1 of 1 people found the following review helpful:
5.0 out of 5 stars
Recommended recording, November 28, 2009
This review is from: Draeseke: Symphonia tragica; Overtures (Audio CD)
The more Draeseke is played, the better he sounds. Every one of the four symphonies is strong, but they lack a performing tradition. Historically and aesthetically, Draeseke, like Bruckner and Brahms, sits midway between the heroic directness of Beethoven and the complex ironies of early 20th-century Viennese music by Mahler and others. This oversimplifies, but the important point is that Draeseke, like the best of his contemporaries, was finding something new and quite his own to say about ways of relating life's highs and lows -- or, if you prefer, music's highs and lows. And in that something new is a palpable tension between directness and ironic indirection (a tension I don't hear in the winning but more aesthetically conservative symphonies of Bruch and Dvorak). Because there's no performing tradition, we don't have yet a seasoned musical rhetoric that grows out of Draeseke's original voice.

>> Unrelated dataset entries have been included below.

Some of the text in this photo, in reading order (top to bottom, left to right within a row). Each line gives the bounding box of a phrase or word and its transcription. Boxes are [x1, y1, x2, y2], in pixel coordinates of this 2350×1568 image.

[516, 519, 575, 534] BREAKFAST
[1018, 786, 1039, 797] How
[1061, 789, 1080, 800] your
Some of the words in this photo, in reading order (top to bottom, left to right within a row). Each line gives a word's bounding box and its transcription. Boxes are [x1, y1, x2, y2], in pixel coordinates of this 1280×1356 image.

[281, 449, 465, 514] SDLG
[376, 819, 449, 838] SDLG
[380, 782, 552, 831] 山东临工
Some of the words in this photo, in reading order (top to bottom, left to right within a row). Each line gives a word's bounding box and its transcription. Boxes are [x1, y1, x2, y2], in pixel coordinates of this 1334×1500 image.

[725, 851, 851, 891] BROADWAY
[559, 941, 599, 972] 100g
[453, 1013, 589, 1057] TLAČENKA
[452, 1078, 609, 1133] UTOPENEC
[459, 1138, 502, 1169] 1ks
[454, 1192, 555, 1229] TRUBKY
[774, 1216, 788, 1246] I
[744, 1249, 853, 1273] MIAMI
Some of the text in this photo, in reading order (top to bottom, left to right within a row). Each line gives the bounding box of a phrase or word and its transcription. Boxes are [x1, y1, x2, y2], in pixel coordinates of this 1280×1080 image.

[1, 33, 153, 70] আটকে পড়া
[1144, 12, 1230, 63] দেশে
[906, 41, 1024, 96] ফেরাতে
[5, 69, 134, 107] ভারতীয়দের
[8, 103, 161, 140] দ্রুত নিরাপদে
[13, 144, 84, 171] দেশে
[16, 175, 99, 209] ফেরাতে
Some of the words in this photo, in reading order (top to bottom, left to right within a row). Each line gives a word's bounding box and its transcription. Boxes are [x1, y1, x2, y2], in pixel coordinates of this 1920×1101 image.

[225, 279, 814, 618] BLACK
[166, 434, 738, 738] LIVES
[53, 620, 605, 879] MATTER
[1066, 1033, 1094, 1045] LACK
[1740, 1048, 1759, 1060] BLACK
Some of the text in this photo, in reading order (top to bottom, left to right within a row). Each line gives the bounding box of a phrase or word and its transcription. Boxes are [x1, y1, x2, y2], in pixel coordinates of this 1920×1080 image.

Sometimes with an unsung composer the best we can do at first with a passage is be reminded of another composer and then be disappointed that the follow-through goes in a different direction, doesn't push the familiar buttons. Personally, it wasn't until I'd listened to the "Tragica" a number of times that I started to understand where Draeseke was going with that title. This symphony is not aiming to be a "Pathetique," nor does it try to solve its problems merely by feeding the brass section martial perorations. Over the course of its first three movements it attains a mature nobility different from but akin to that heard in scores by Beethoven, Bruckner, and Brahms. Then in the final movement, with an ironist's instinct, Draeseke throws the symphony's musical premises into question, heartfelt though they be. The uninflated length of the movement is evidence of the catharsis this engenders. This may be a modern sort of "Tragica", but I believe it still fits Aristotle's definition: "... an imitation of an action that is serious, complete, and of a certain magnitude; in language embellished with each kind of artistic ornament ... with incidents arousing pity and fear, wherewith to accomplish its katharsis of such emotions..."
Both recent recordings of the symphony are well recorded and enthusiastically played. Both interpretations are intelligent, even if neither entirely succeeds in delineating the innate rhetoric of Draeseke's music. However, Hanson's performance better captures the Draeseke who created musical dramas and gorgeous lieder as well as, to quote Amazon reviewer A K Howe, the newly forged symphonic "idiom which synthesizes the 'New German' music of Liszt and Wagner with ... traditional classicism ..." Simply put, I find the Hanson rendition with the Symphony Orchestra Wuppertal more moving. I don't hesitate to recommend this as the best recording yet of Draeseke's Third.